WHAT IS REQUIRED — In full and unchanged, set down the entries that follow, with no images.

[Phrase grounding data]
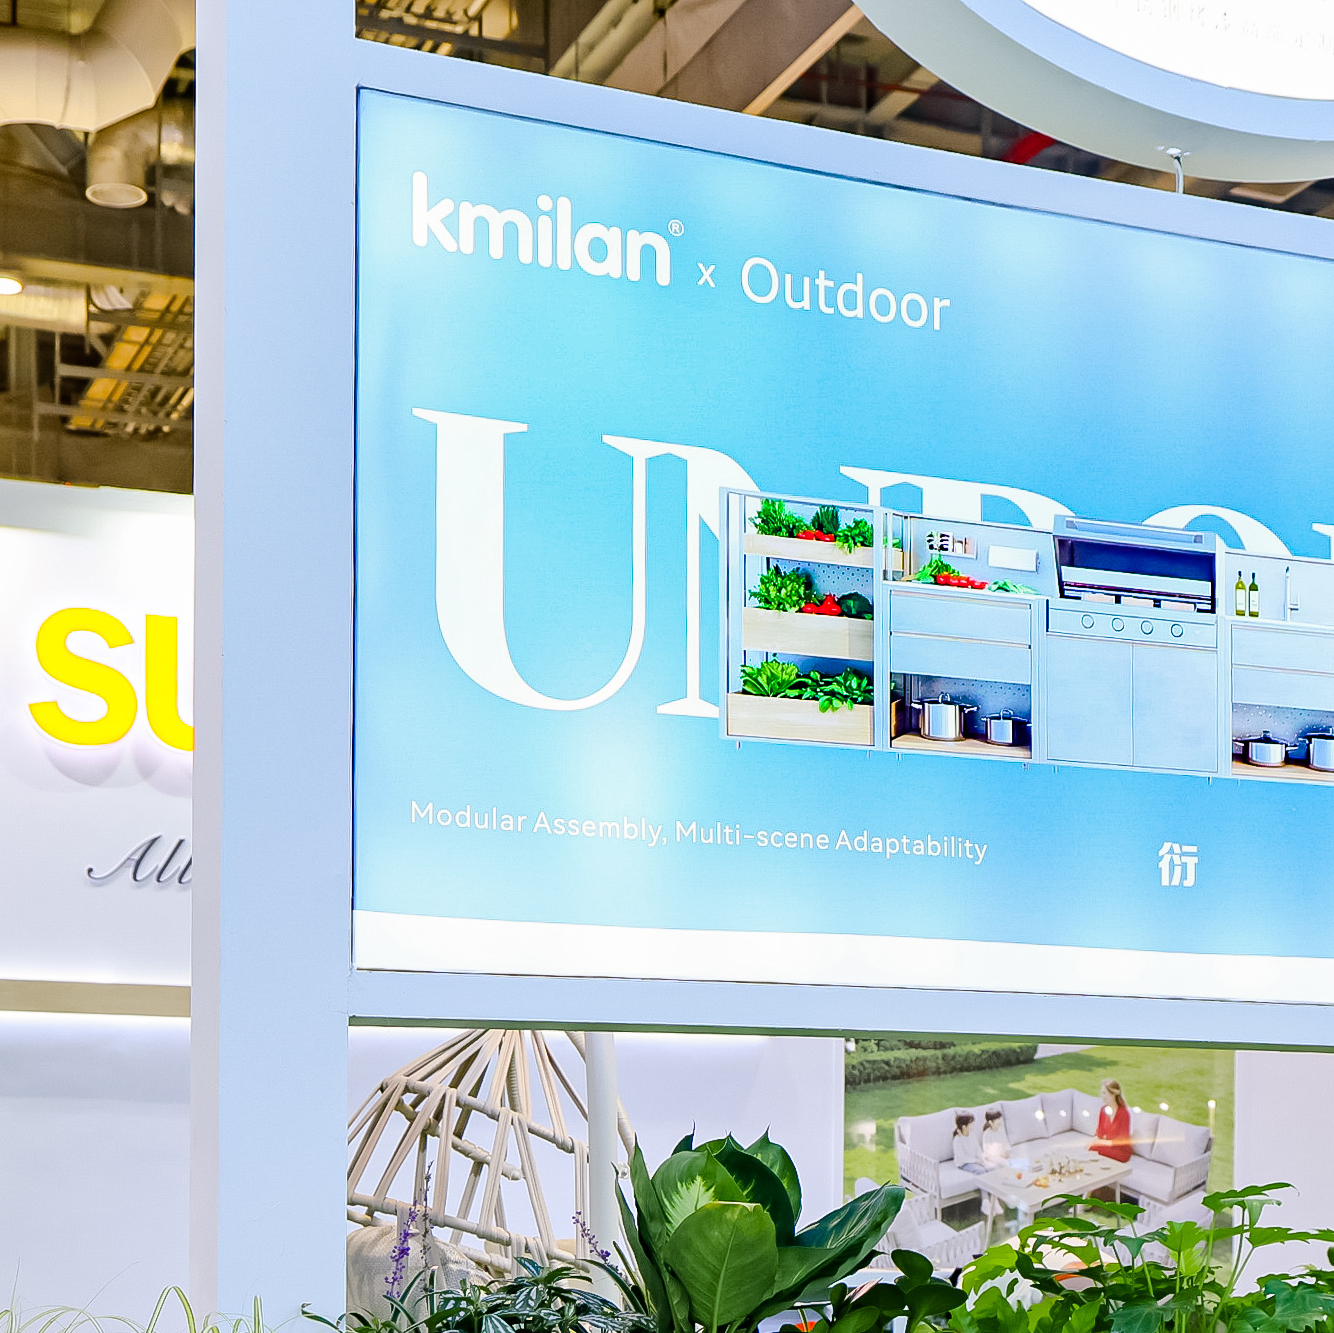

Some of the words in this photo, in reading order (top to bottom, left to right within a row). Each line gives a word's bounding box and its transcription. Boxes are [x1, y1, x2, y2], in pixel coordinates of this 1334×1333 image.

[741, 256, 951, 330] Outdoor
[410, 800, 527, 833] Modular
[532, 809, 668, 847] Assembly,
[675, 819, 830, 851] Multi-scene
[835, 829, 988, 865] Adaptability

WRITTEN RESPONSE —
Some of the words in this photo, in reading order (top to bottom, left to right within a row). Each line gives a word's bounding box and its transcription. Boxes are [x1, y1, x2, y2], in pixel coordinates of this 1334×1333 image.

[741, 256, 951, 330] Outdoor
[410, 800, 527, 833] Modular
[532, 809, 668, 847] Assembly,
[675, 819, 830, 851] Multi-scene
[835, 829, 988, 865] Adaptability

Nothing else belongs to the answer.